Leave out the pictures and repeat every record exactly.

═════ Data for this exercise

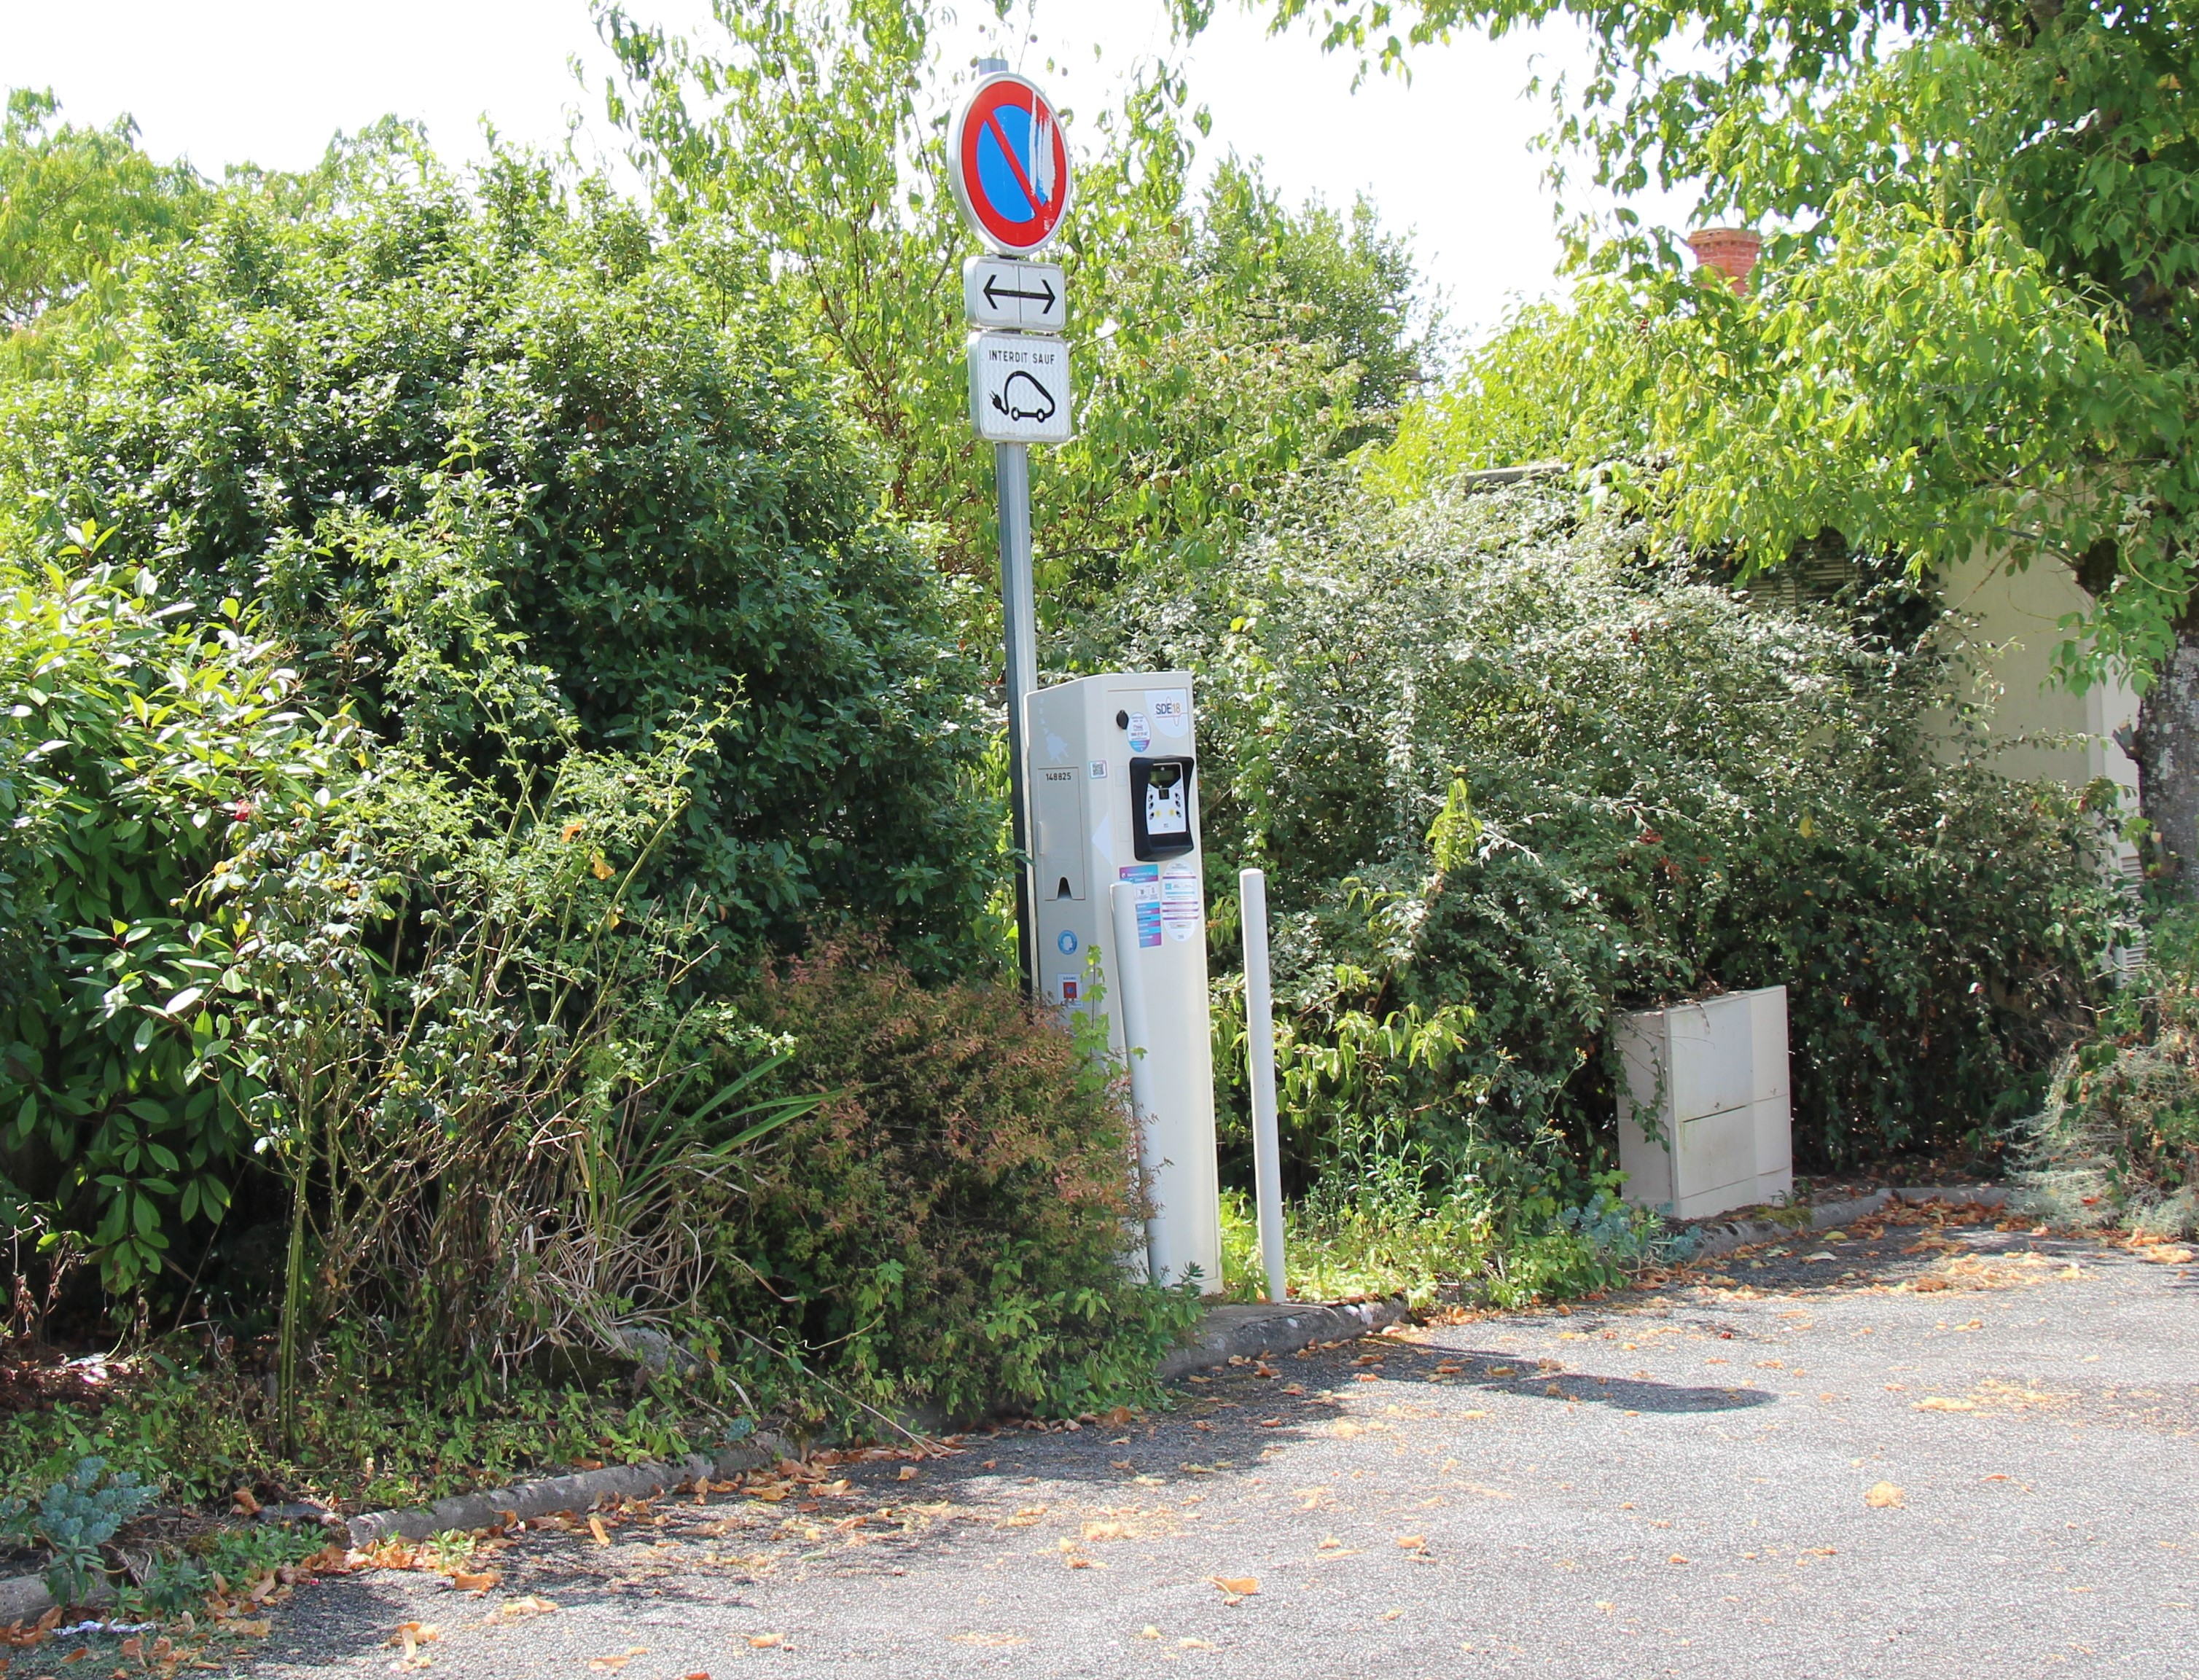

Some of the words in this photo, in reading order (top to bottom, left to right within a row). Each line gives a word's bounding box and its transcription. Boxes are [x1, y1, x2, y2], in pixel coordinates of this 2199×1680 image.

[989, 350, 1028, 363] INTERDIT
[1033, 353, 1055, 364] SAUF
[1155, 703, 1181, 714] SDE18
[1045, 773, 1071, 781] 148825
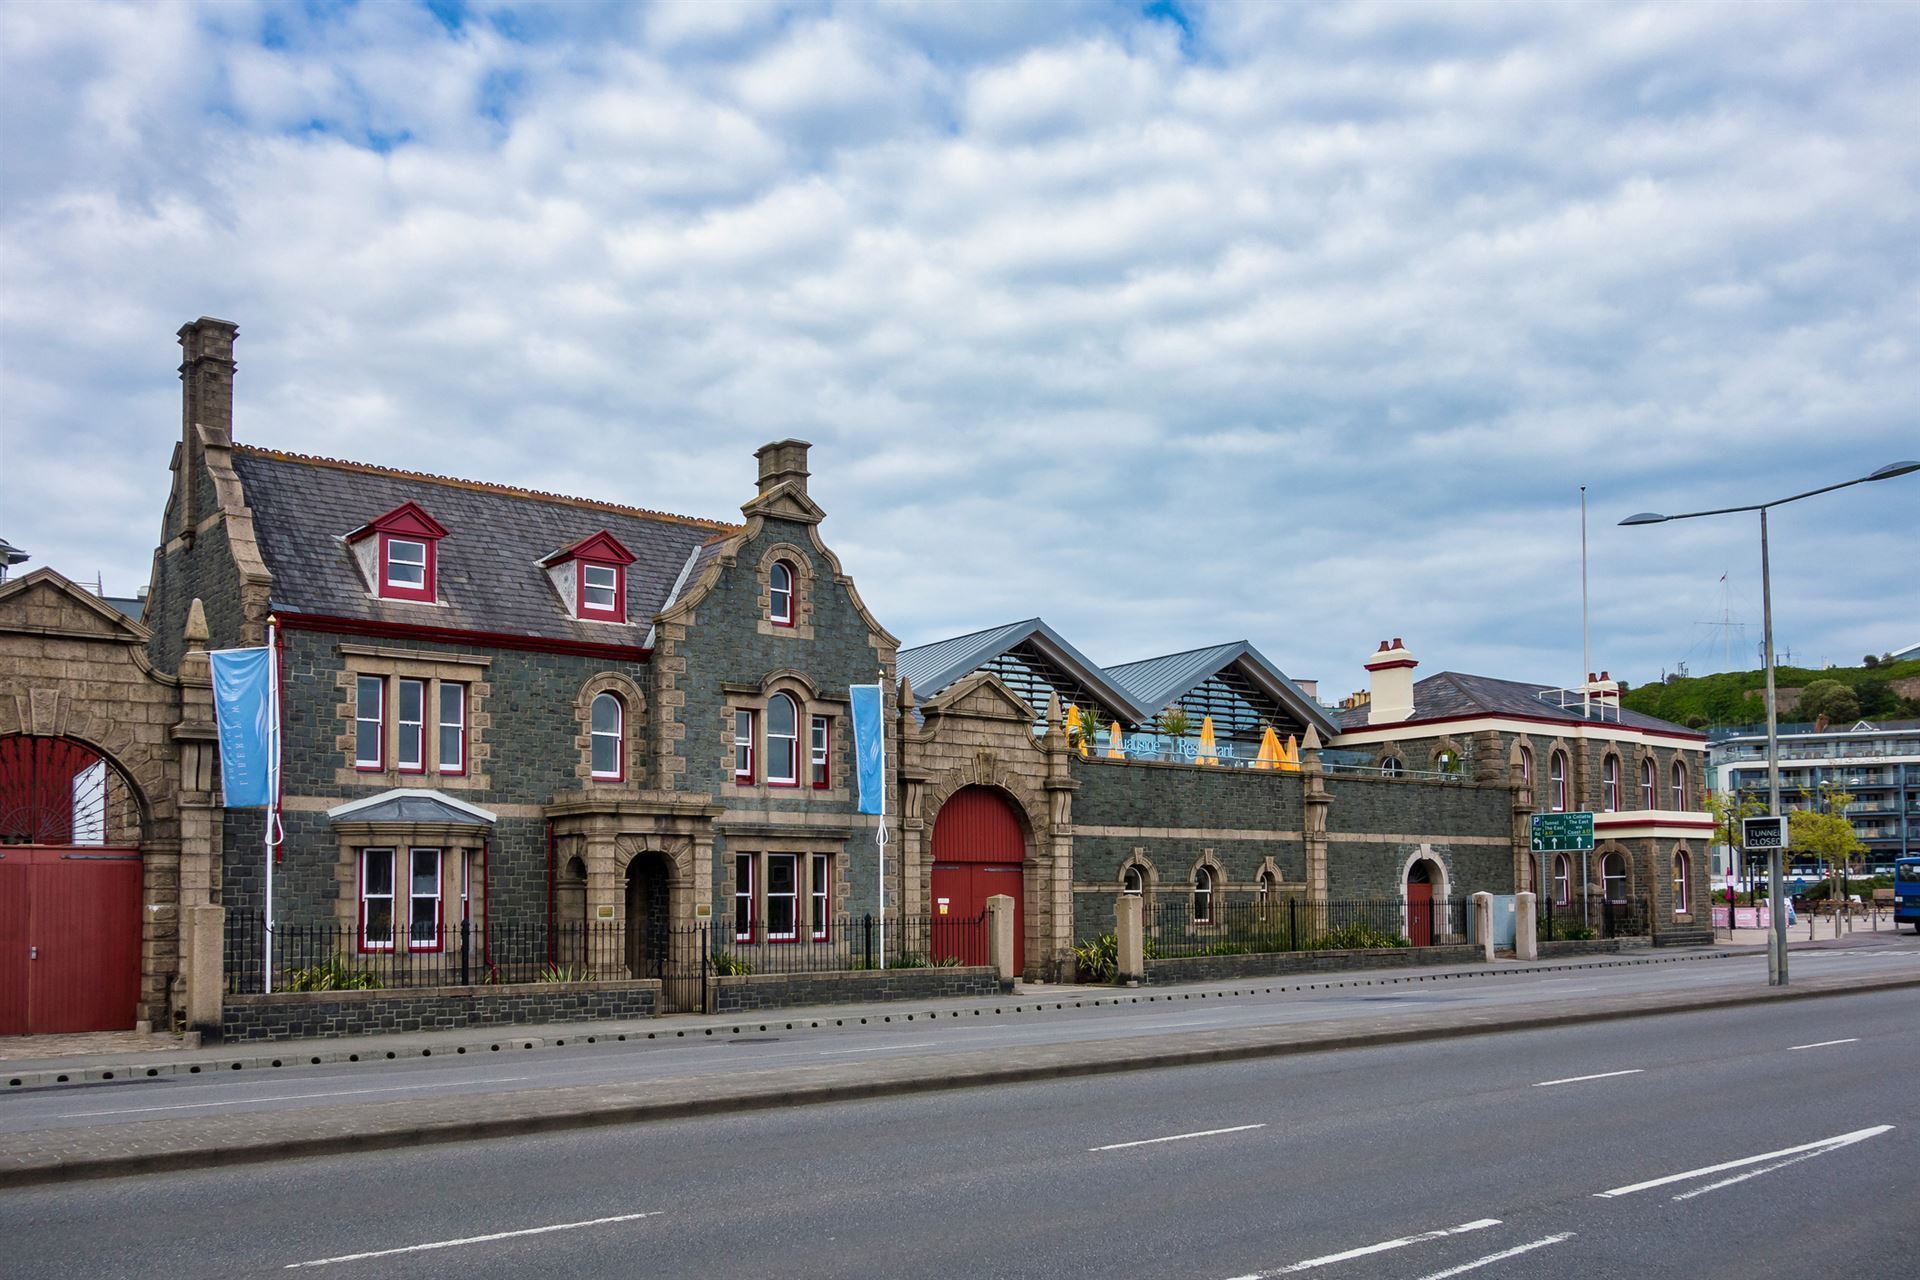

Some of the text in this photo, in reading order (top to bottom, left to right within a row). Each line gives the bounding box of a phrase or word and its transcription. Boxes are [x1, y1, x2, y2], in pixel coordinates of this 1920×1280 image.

[1178, 738, 1235, 759] Resrant
[1533, 817, 1540, 825] P
[1750, 829, 1780, 837] TUNNEL
[1749, 838, 1781, 846] CLOSED
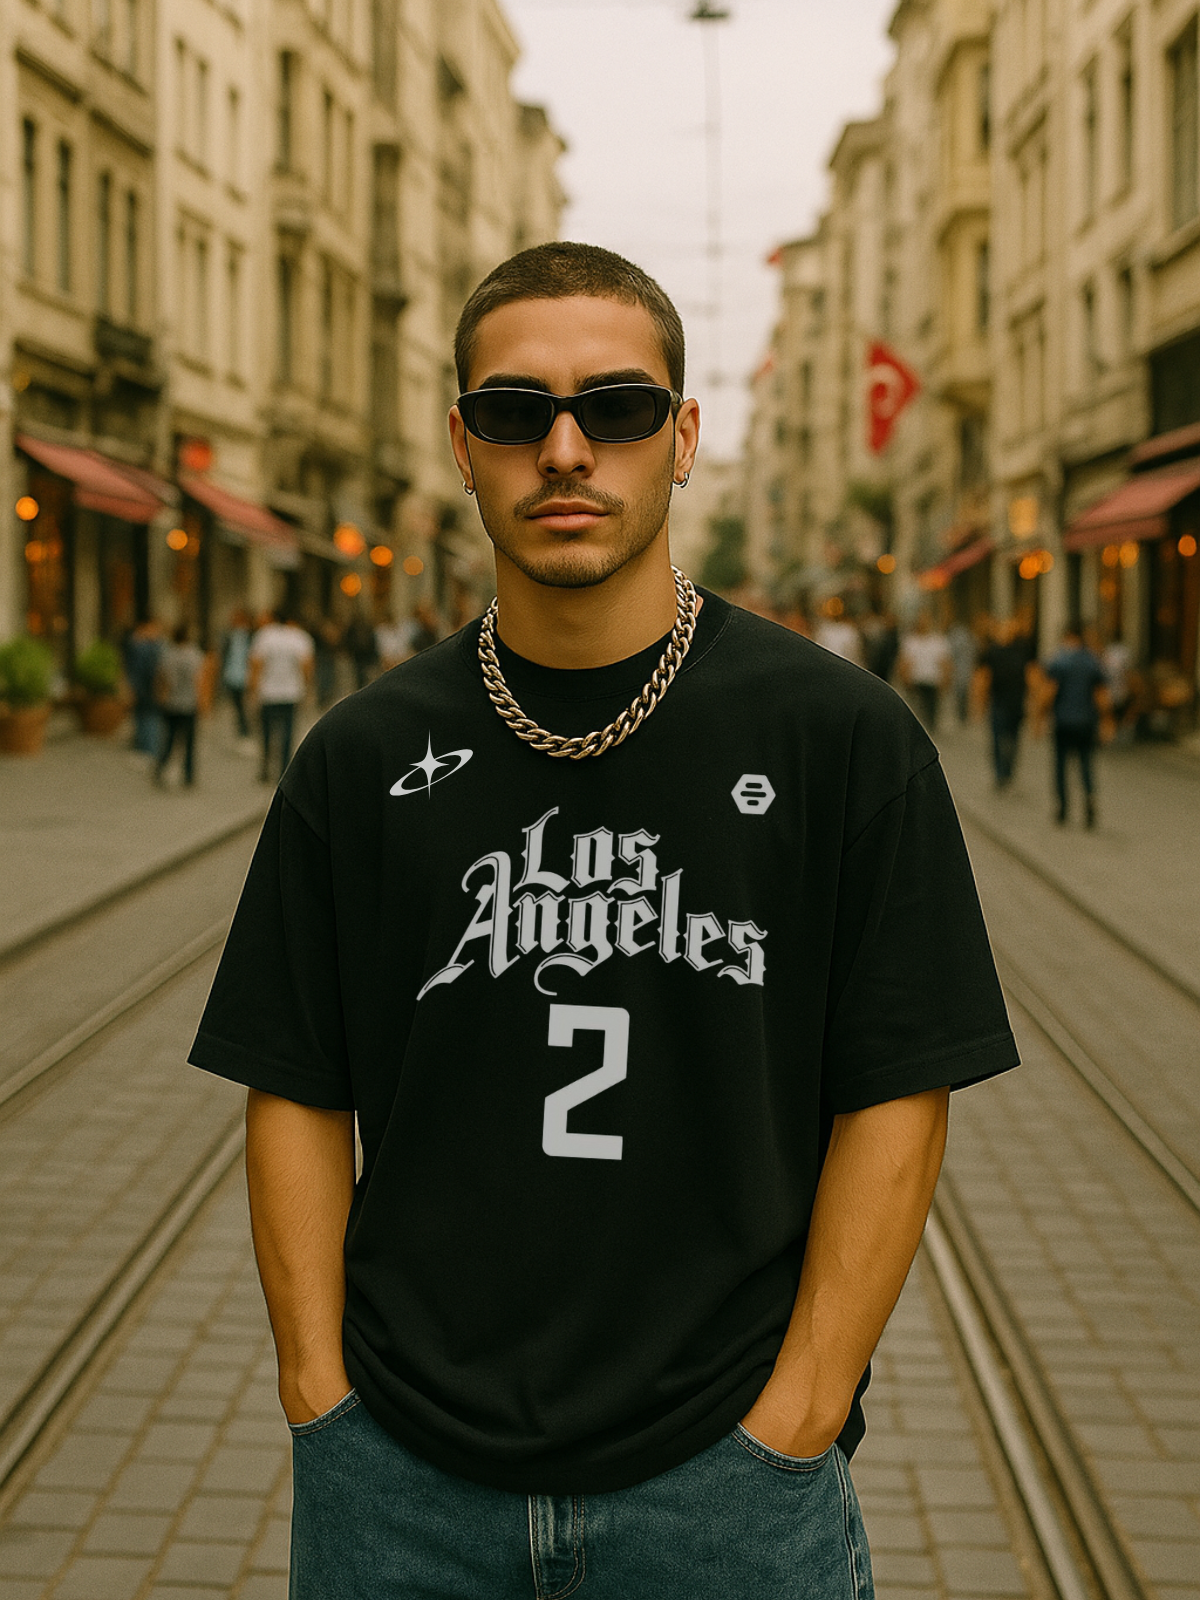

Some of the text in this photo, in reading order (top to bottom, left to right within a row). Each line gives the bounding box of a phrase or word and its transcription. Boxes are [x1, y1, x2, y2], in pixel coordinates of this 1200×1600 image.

[416, 850, 769, 1001] Angeles
[513, 807, 661, 896] Los
[541, 1003, 631, 1161] 2

══════════

Expected answer:
Some of the words in this photo, in reading order (top to bottom, left to right within a row). Each line gives a word's bounding box and its transcription. Boxes are [x1, y1, x2, y2], in pixel coordinates of this 2199×1680 image.

[989, 350, 1028, 363] INTERDIT
[1033, 353, 1055, 364] SAUF
[1155, 703, 1181, 714] SDE18
[1045, 773, 1071, 781] 148825

Some of the text in this photo, in reading order (top to bottom, left to right within a row). Each line gives the bounding box of a phrase or word and its transcription. Boxes are [x1, y1, x2, y2], in pixel coordinates of this 1920×1280 image.

[1178, 738, 1235, 759] Resrant
[1533, 817, 1540, 825] P
[1750, 829, 1780, 837] TUNNEL
[1749, 838, 1781, 846] CLOSED

Some of the text in this photo, in reading order (top to bottom, left to right within a row). Each line gives the bounding box of a phrase or word and its transcription. Boxes are [x1, y1, x2, y2], in pixel coordinates of this 1200×1600 image.

[416, 850, 769, 1001] Angeles
[513, 807, 661, 896] Los
[541, 1003, 631, 1161] 2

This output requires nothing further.